=== Section Start ===
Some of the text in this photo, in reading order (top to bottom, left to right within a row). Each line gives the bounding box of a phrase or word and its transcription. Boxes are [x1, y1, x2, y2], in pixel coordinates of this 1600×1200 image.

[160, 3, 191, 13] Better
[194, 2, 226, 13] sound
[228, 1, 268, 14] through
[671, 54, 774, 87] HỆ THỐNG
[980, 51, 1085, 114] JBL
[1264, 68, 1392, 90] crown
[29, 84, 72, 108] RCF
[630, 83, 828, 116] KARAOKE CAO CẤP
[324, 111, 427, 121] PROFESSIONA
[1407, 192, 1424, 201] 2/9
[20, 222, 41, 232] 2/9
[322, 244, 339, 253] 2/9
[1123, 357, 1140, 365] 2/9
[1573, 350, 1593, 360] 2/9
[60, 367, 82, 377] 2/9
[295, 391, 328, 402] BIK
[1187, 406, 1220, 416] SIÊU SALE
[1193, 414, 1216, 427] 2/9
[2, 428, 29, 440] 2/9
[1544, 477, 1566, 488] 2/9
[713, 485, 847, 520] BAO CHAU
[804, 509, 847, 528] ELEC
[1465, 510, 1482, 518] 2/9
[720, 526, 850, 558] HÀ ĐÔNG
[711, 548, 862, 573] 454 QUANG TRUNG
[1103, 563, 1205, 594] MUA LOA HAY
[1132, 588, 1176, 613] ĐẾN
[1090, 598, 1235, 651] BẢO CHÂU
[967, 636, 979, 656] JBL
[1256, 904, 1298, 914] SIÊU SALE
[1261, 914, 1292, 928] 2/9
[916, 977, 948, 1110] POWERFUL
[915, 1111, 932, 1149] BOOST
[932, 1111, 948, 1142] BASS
=== Section End ===
Please return every line of the data, unaltered.

Some of the text in this photo, in reading order (top to bottom, left to right within a row). Each line gives the bounding box of a phrase or word and its transcription. Boxes are [x1, y1, x2, y2], in pixel coordinates of this 1600×1200 image.

[160, 3, 191, 13] Better
[194, 2, 226, 13] sound
[228, 1, 268, 14] through
[671, 54, 774, 87] HỆ THỐNG
[980, 51, 1085, 114] JBL
[1264, 68, 1392, 90] crown
[29, 84, 72, 108] RCF
[630, 83, 828, 116] KARAOKE CAO CẤP
[324, 111, 427, 121] PROFESSIONA
[1407, 192, 1424, 201] 2/9
[20, 222, 41, 232] 2/9
[322, 244, 339, 253] 2/9
[1123, 357, 1140, 365] 2/9
[1573, 350, 1593, 360] 2/9
[60, 367, 82, 377] 2/9
[295, 391, 328, 402] BIK
[1187, 406, 1220, 416] SIÊU SALE
[1193, 414, 1216, 427] 2/9
[2, 428, 29, 440] 2/9
[1544, 477, 1566, 488] 2/9
[713, 485, 847, 520] BAO CHAU
[804, 509, 847, 528] ELEC
[1465, 510, 1482, 518] 2/9
[720, 526, 850, 558] HÀ ĐÔNG
[711, 548, 862, 573] 454 QUANG TRUNG
[1103, 563, 1205, 594] MUA LOA HAY
[1132, 588, 1176, 613] ĐẾN
[1090, 598, 1235, 651] BẢO CHÂU
[967, 636, 979, 656] JBL
[1256, 904, 1298, 914] SIÊU SALE
[1261, 914, 1292, 928] 2/9
[916, 977, 948, 1110] POWERFUL
[915, 1111, 932, 1149] BOOST
[932, 1111, 948, 1142] BASS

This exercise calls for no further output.